Thursday’s PPI report is significant for markets as it will be used to calculate the August PCE price index, scheduled for release on Sept. 27.
Economists at Pantheon Macroeconomics maintained their expectation of a 25 basis point rate cut by the Fed next week.
However, the latest PPI and CPI data suggest that inflation may reach the Fed’s 2 percent target by the second quarter of 2025, allowing the Fed to pursue more aggressive easing as unemployment levels rise, according to Pantheon economists in their latest U.S. Economic Monitor released on Friday.
Jobless claims slightly rise
The jobs report from Thursday indicated a slight increase in initial jobless claims last week, reaching 230,000, still below the July average of 240,000.

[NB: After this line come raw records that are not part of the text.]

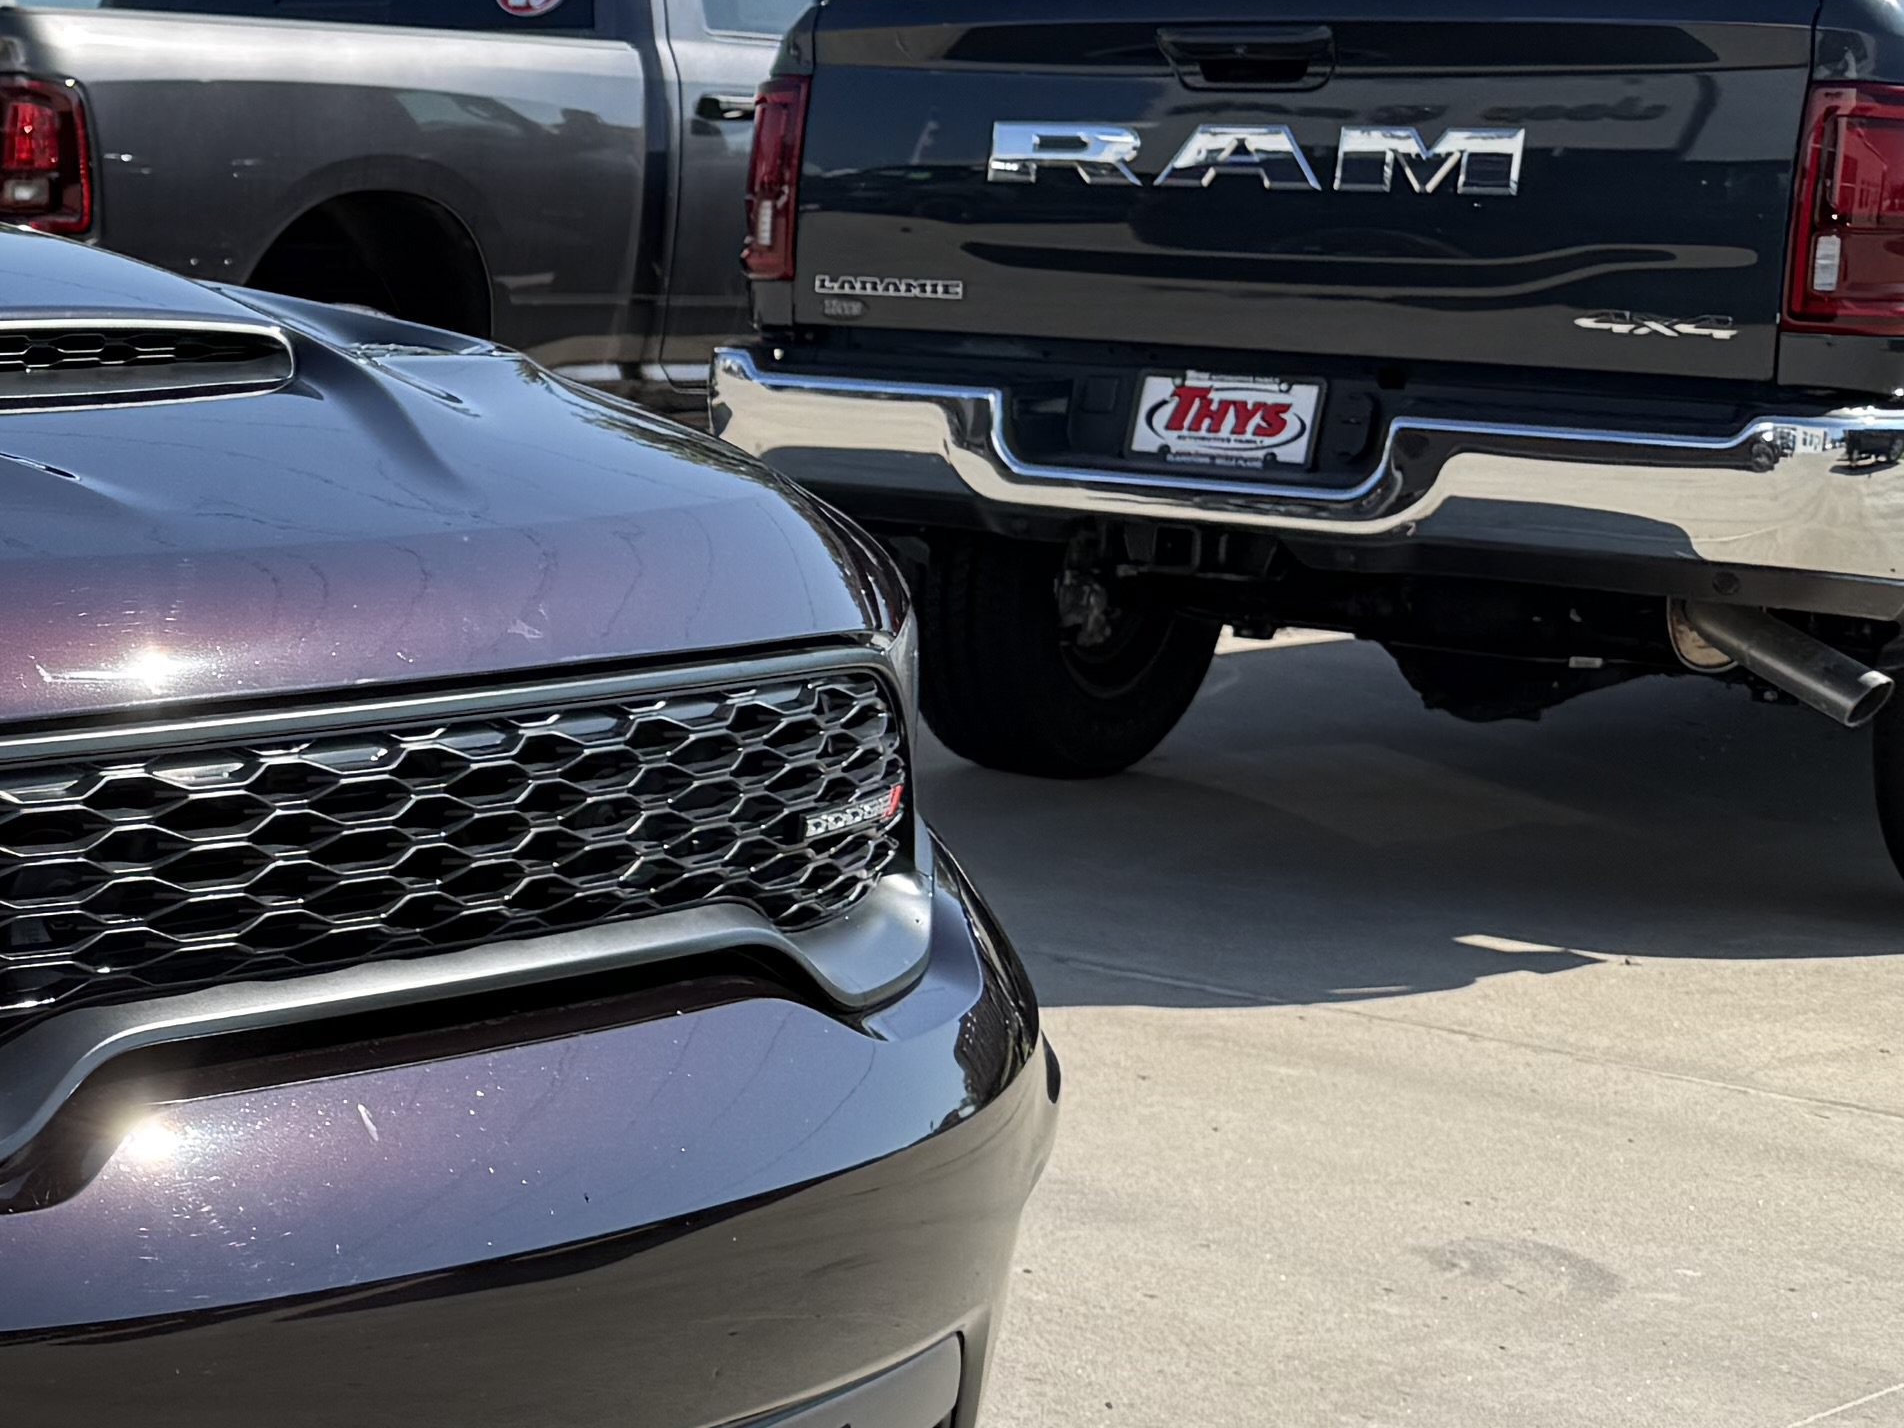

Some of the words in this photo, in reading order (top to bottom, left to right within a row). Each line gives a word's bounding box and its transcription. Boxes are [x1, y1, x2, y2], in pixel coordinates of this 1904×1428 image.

[987, 121, 1526, 196] RAM
[815, 274, 963, 300] LARAMIE
[1164, 385, 1293, 439] THYS
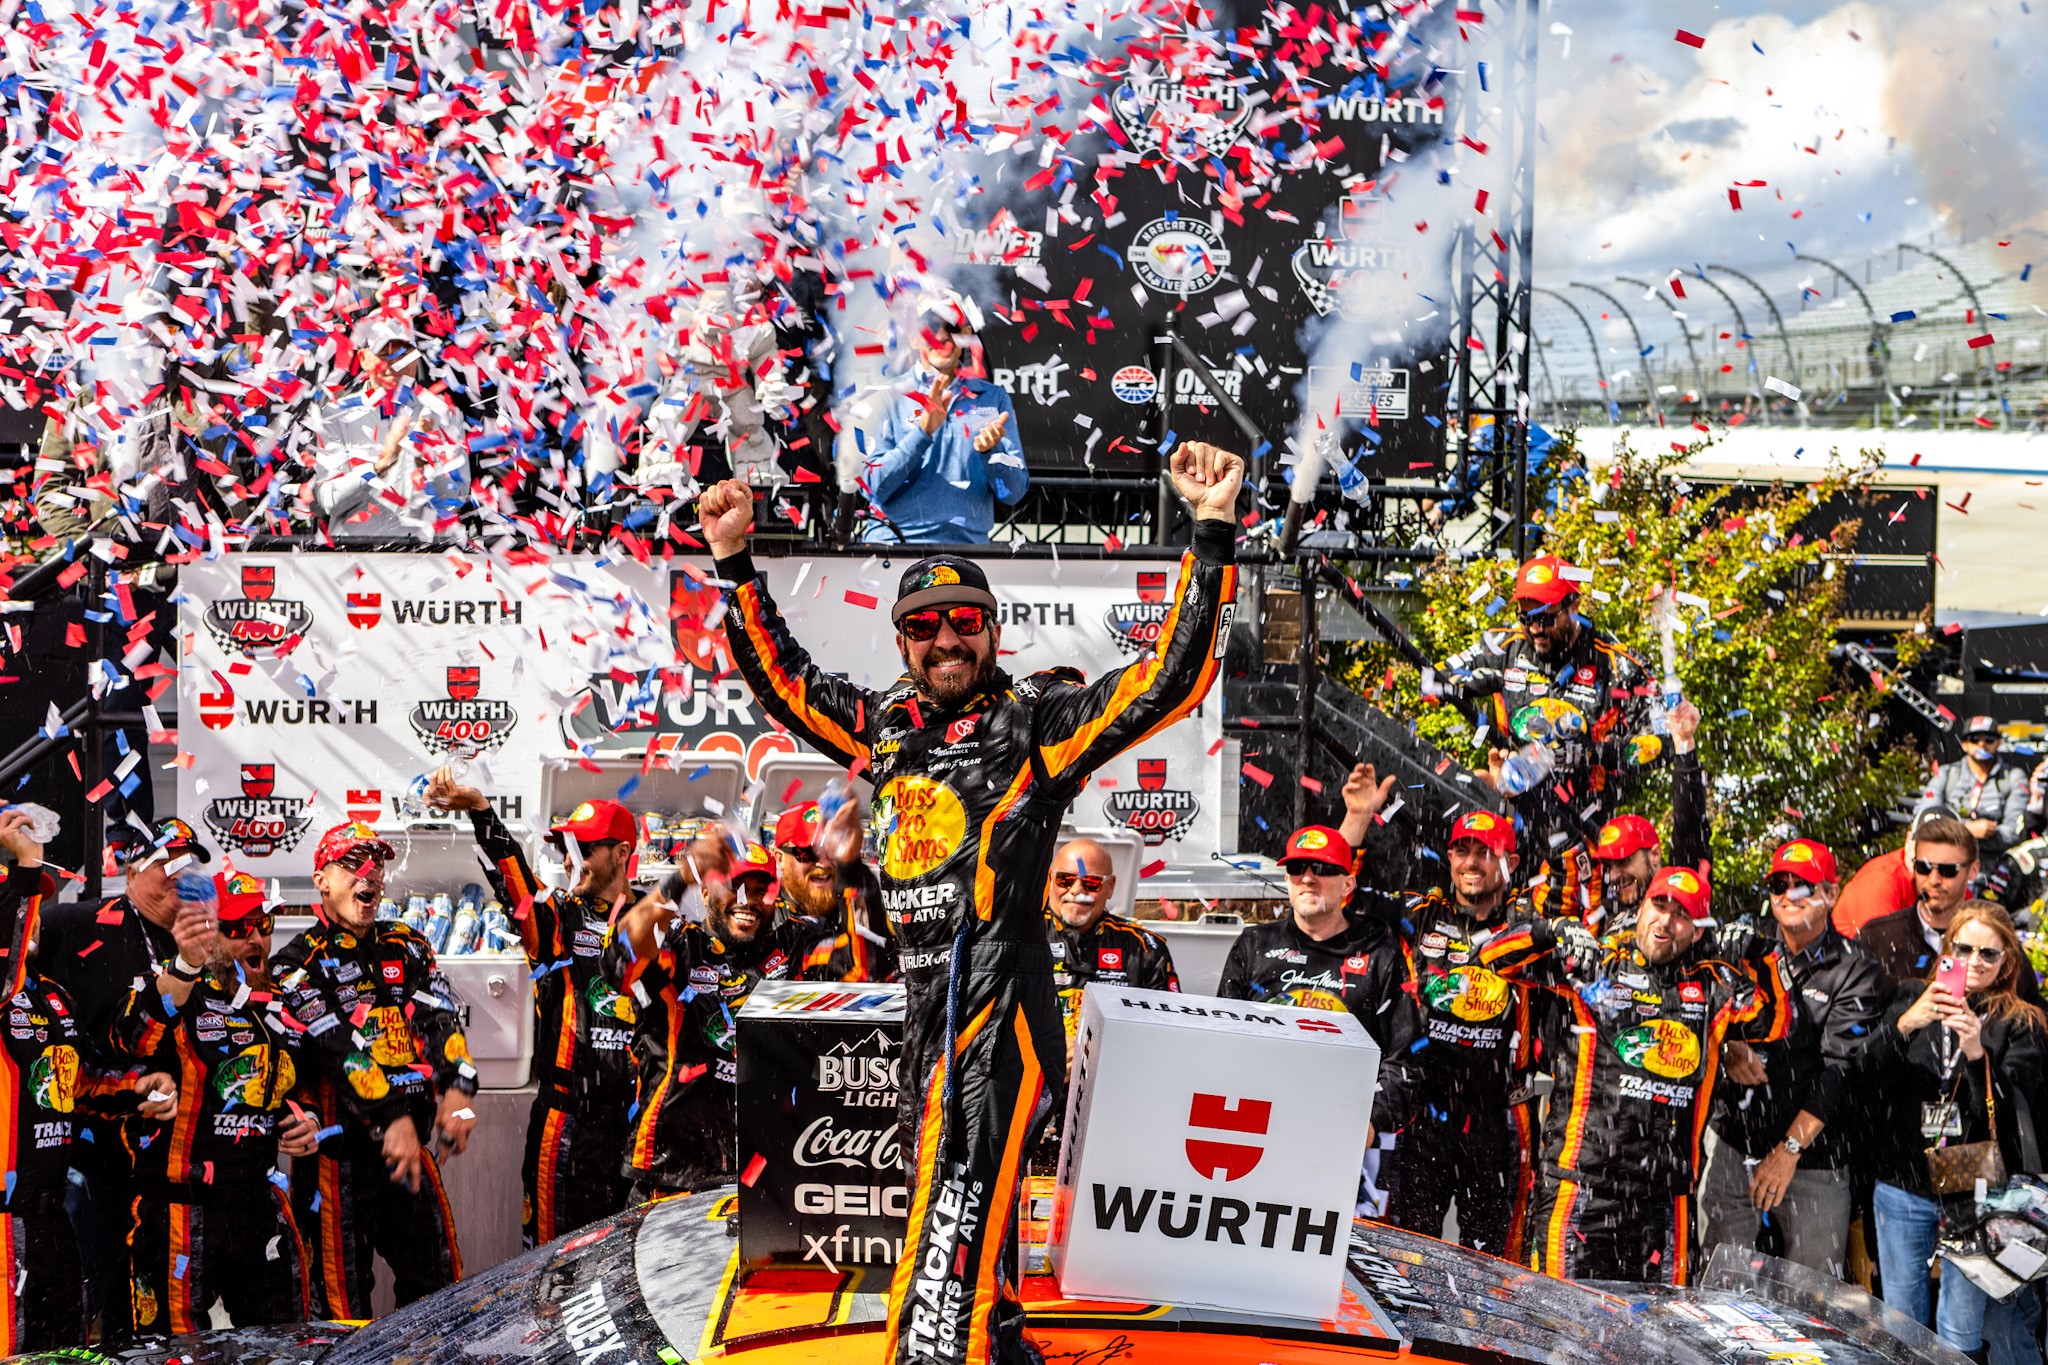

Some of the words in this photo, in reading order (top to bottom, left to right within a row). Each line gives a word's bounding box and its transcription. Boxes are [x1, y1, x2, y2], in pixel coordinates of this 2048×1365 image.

[1141, 220, 1186, 242] NASCAR
[1188, 222, 1217, 244] 75TH
[994, 367, 1058, 394] RTH
[391, 600, 523, 624] WÜRTH
[1128, 622, 1161, 641] 40
[422, 702, 506, 719] WÜRTH
[436, 720, 491, 740] 400
[895, 781, 936, 811] Bass
[1114, 792, 1190, 810] WÜRTH
[216, 800, 301, 818] WÜRTH
[230, 818, 286, 838] 400
[896, 810, 926, 837] Pro
[1127, 810, 1177, 829] 400
[894, 835, 949, 868] Shops
[881, 882, 956, 910] RACKER
[904, 953, 933, 969] TRUEX
[1467, 967, 1497, 983] Bass
[1299, 990, 1334, 1011] Bass
[1463, 996, 1504, 1015] Shops
[1120, 997, 1287, 1027] WÜRTH
[384, 1025, 408, 1040] Pro
[1428, 1018, 1503, 1041] TRACKER
[1428, 1030, 1458, 1043] BOATS
[1658, 1021, 1690, 1041] Bass
[385, 1039, 412, 1055] Sho
[1619, 1073, 1694, 1100] TRACKER
[1619, 1087, 1653, 1101] BOATS
[842, 1091, 900, 1108] LIGH
[794, 1183, 908, 1218] GEIC
[958, 1180, 984, 1243] ATVs
[1092, 1182, 1340, 1257] WÜRTH
[803, 1224, 905, 1274] xfini
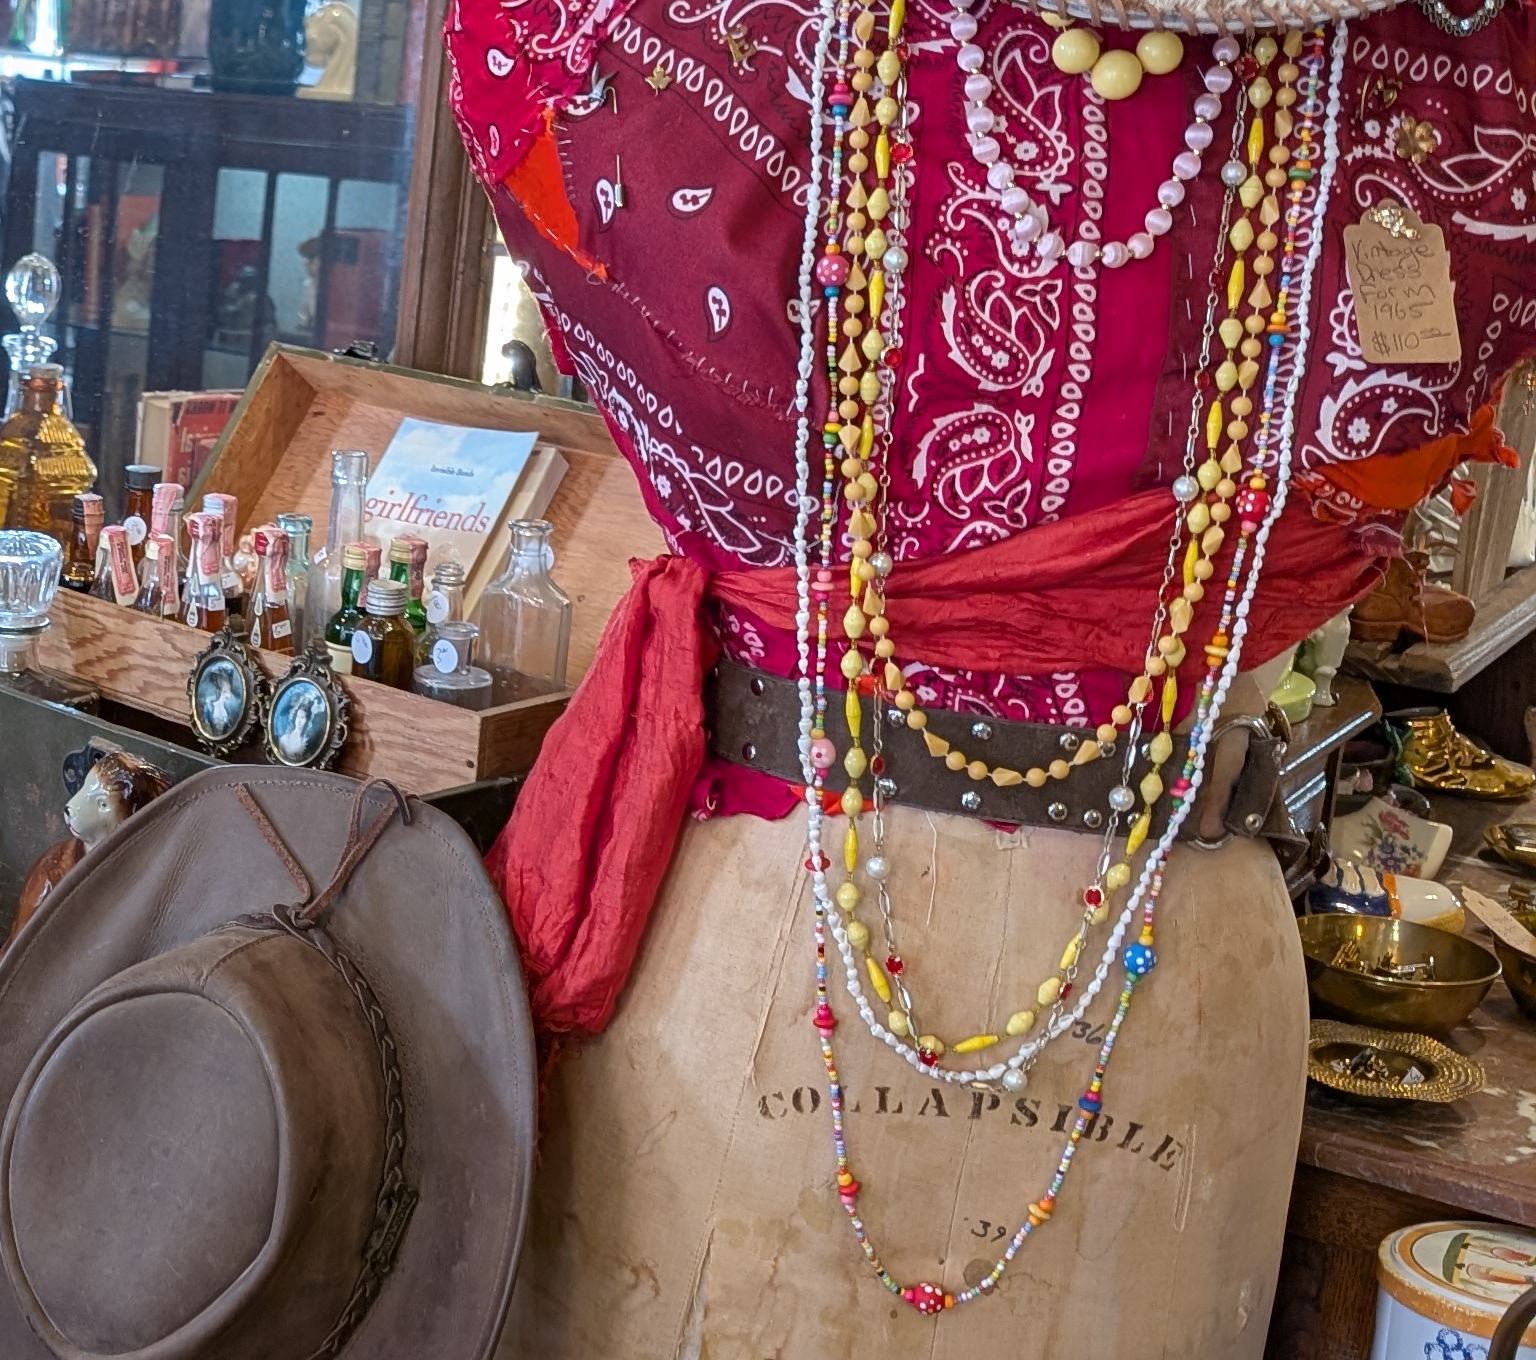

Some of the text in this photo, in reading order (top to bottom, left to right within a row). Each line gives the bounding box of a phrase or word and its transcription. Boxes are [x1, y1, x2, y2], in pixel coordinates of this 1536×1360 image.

[1352, 240, 1435, 268] Vintage
[1356, 261, 1421, 281] Dress
[1374, 301, 1434, 320] 1965
[365, 490, 490, 533] girlfriends
[1071, 1020, 1105, 1045] 36
[757, 1086, 1185, 1172] COLLAPSIBLE

Pantheon economists believe that the higher level of claims in July was mainly due to the disruption caused by Hurricane Beryl and a higher concentration of auto plant shutdowns for retooling.
In addition, only 142,000 jobs were created last month, and Pantheon economists predict that employment growth will continue to slow if, as expected, tight credit conditions and a slowdown in household expenditure growth have a greater impact on hiring.
Mortgage rates decline throughout the summer
Data from rate-lock tracking by Optimal Blue indicates that since reaching a high of 7.27 percent in April 2024, rates on 30-year fixed-rate conforming mortgages have decreased by over a percentage point. Rates for 30-year conforming loans hit a new low of 6.10 percent on Wednesday in 2024, with borrowers securing FHA loans at an average rate of 5.92 percent.
Whether mortgage rates will continue to decrease may hinge on the “dot plot” and the Fed’s upcoming Summary of Economic Projections, revealing each Federal Open Market Committee member’s opinion on future rate cuts.
Futures market investors are betting on a reduction of at least 2.25 percentage points in short-term rates by mid-2025. Investors who provide funding for most mortgages have already factored these expectations into the yields they demand for mortgage-backed securities (MBS).
While Pantheon forecasters expect a modest rate cut next week, they anticipate the Fed to aggressively lower short-term rates in the coming months by a total of 2.75 percentage points by the middle of next year.
As a significant portion of expected rate cuts has been incorporated into long-term rates, Pantheon predicts that yields on 10-year Treasury notes — a reliable indicator of future mortgage rates — will only decrease by 58 basis points over the same period.
Mortgage rates may have room to fall further, as the “spread” between 10-year Treasury yields and 30-year fixed-rate mortgages narrows, indicating decreased concern among MBS investors regarding prepayment risk.